What is needed is a verbatim copy of the data, minus the pictures.
____________________
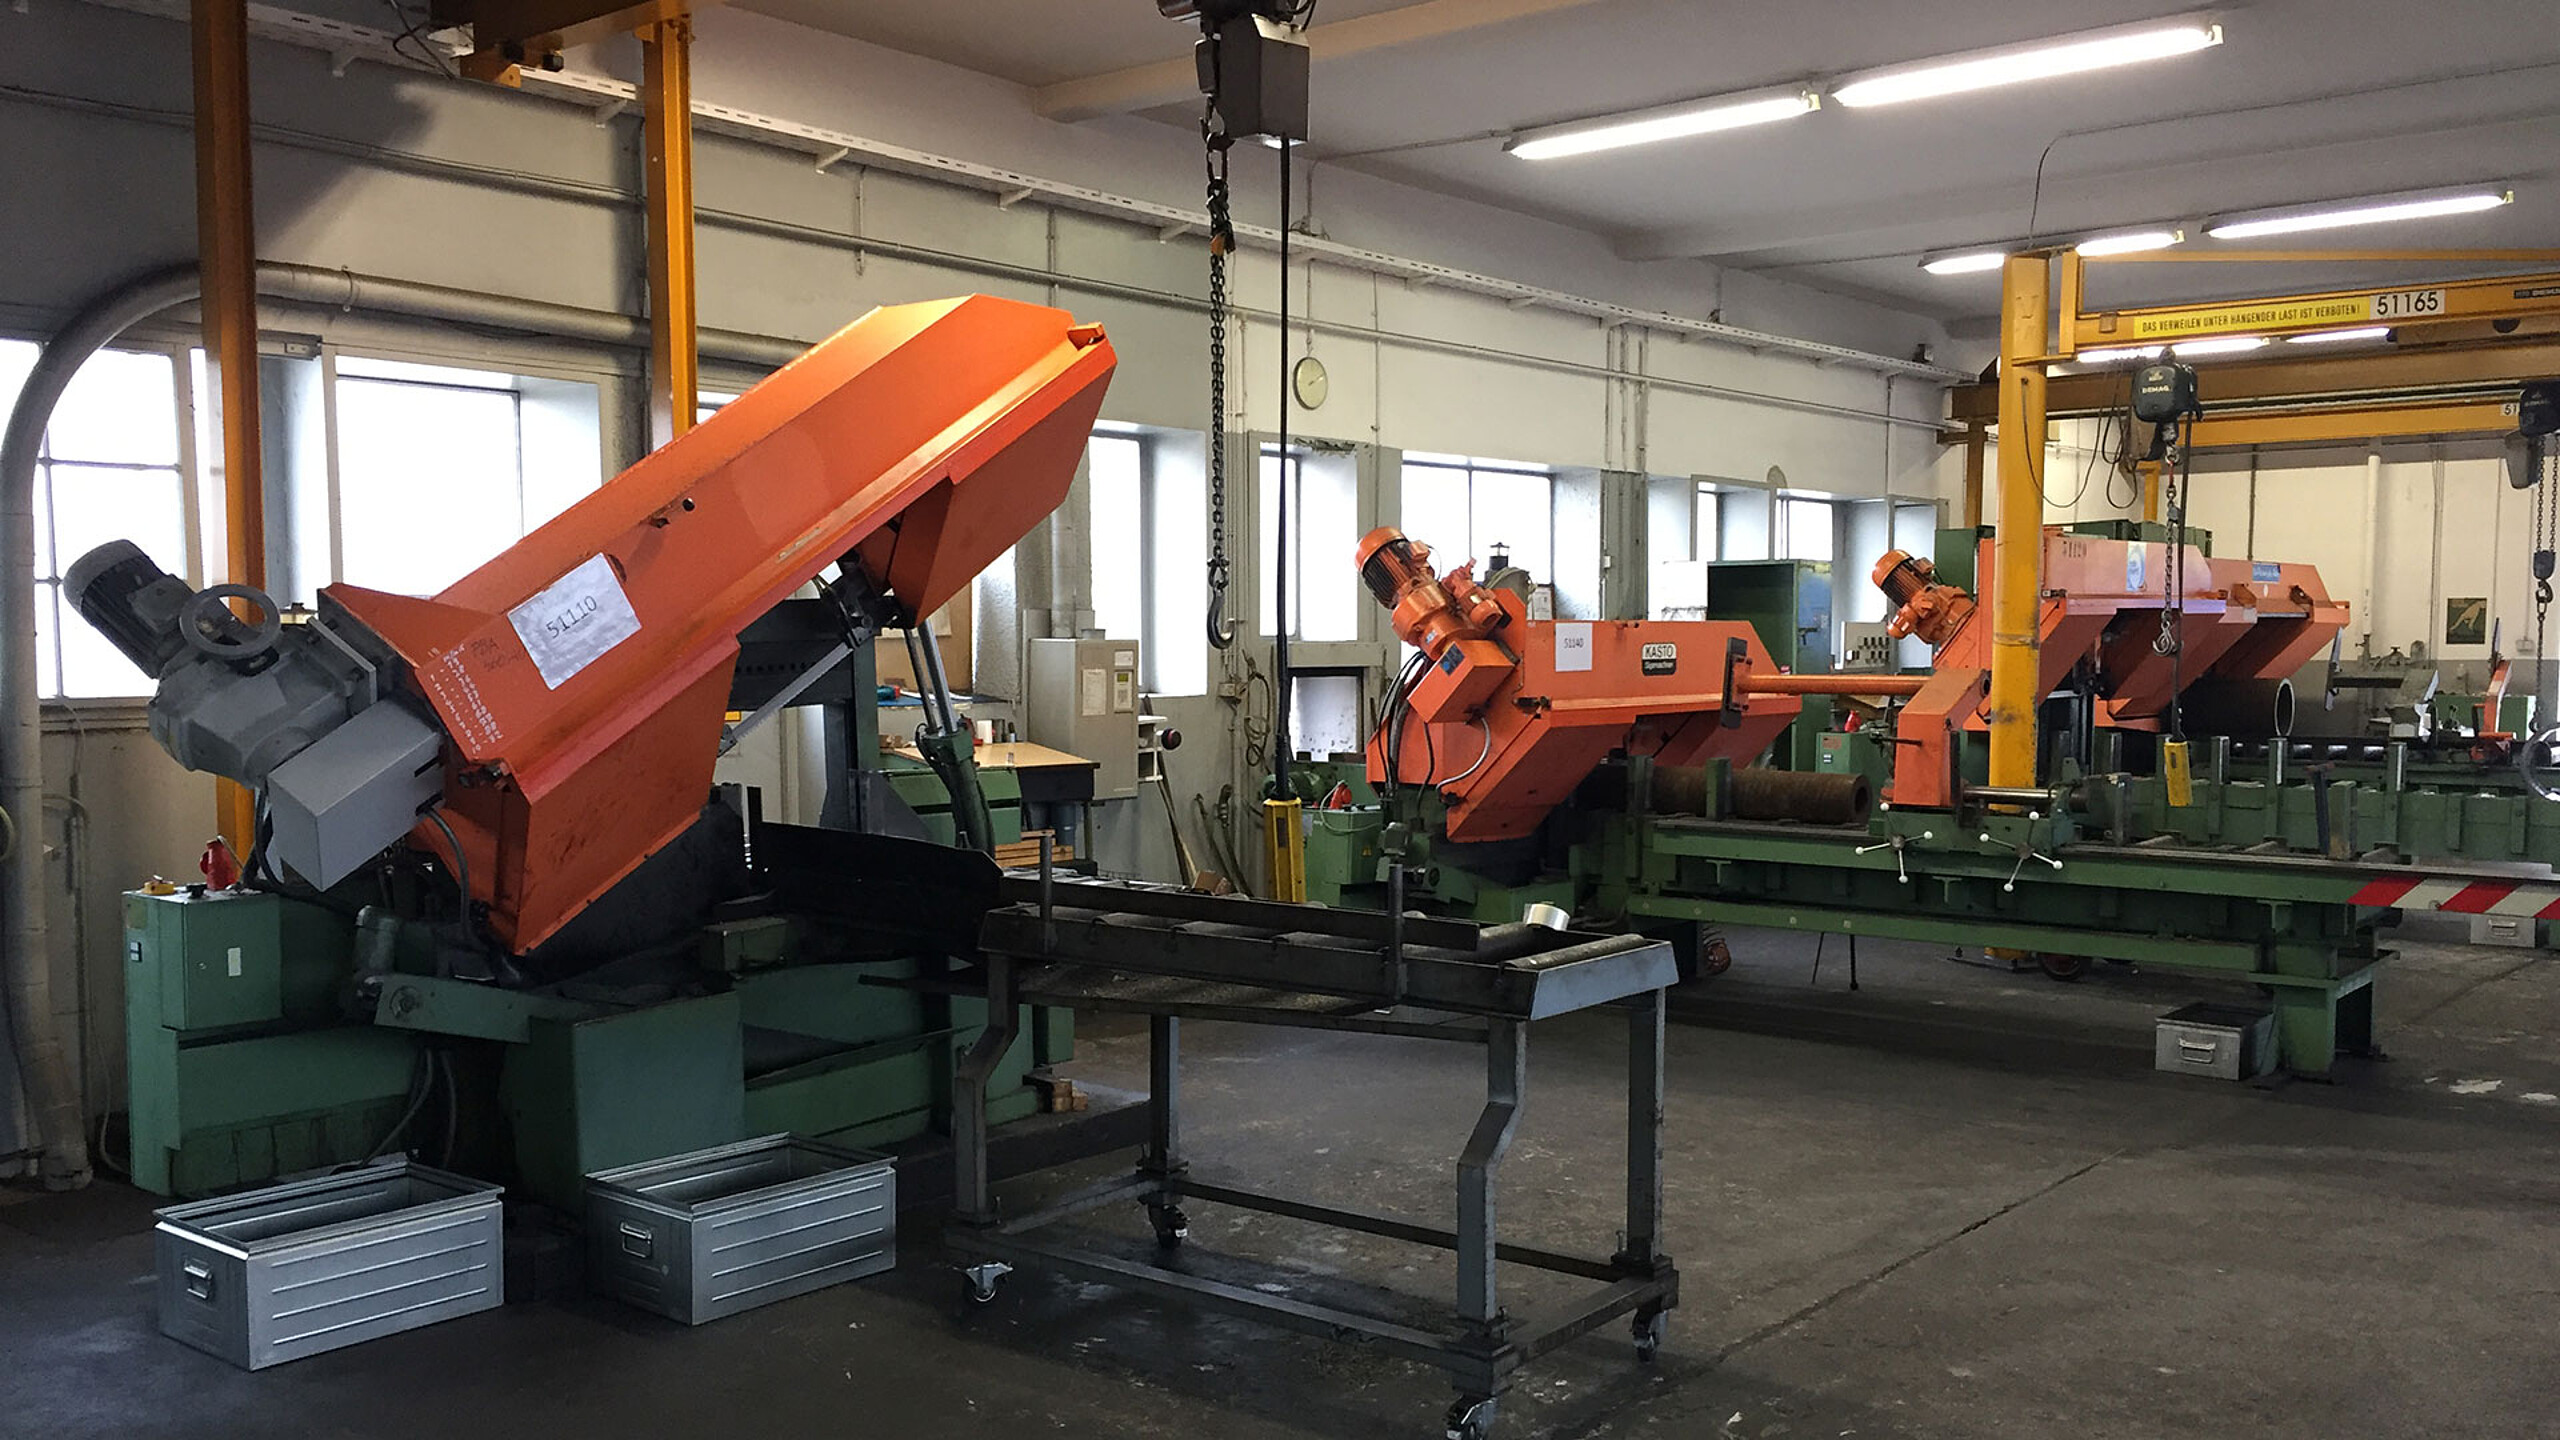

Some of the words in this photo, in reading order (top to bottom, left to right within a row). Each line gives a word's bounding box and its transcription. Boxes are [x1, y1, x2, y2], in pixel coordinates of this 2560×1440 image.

[2377, 292, 2438, 316] 51165
[2142, 321, 2157, 333] DAS
[2159, 318, 2201, 331] VERWEILEN
[2203, 316, 2229, 328] UNTER
[2278, 308, 2297, 321] LAST
[2300, 307, 2312, 320] IST
[2315, 303, 2361, 318] VERBOTEN!
[545, 595, 598, 639] 51110
[1563, 638, 1585, 649] 51140
[1644, 645, 1674, 658] KASTO
____________________
▶ [Answer space]:
Some of the words in this photo, in reading order (top to bottom, left to right within a row). Each line gives a word's bounding box and its transcription. Boxes are [x1, y1, x2, y2], in pixel coordinates of this 2560×1440 image.

[2377, 292, 2438, 316] 51165
[2142, 321, 2157, 333] DAS
[2159, 318, 2201, 331] VERWEILEN
[2203, 316, 2229, 328] UNTER
[2278, 308, 2297, 321] LAST
[2300, 307, 2312, 320] IST
[2315, 303, 2361, 318] VERBOTEN!
[545, 595, 598, 639] 51110
[1563, 638, 1585, 649] 51140
[1644, 645, 1674, 658] KASTO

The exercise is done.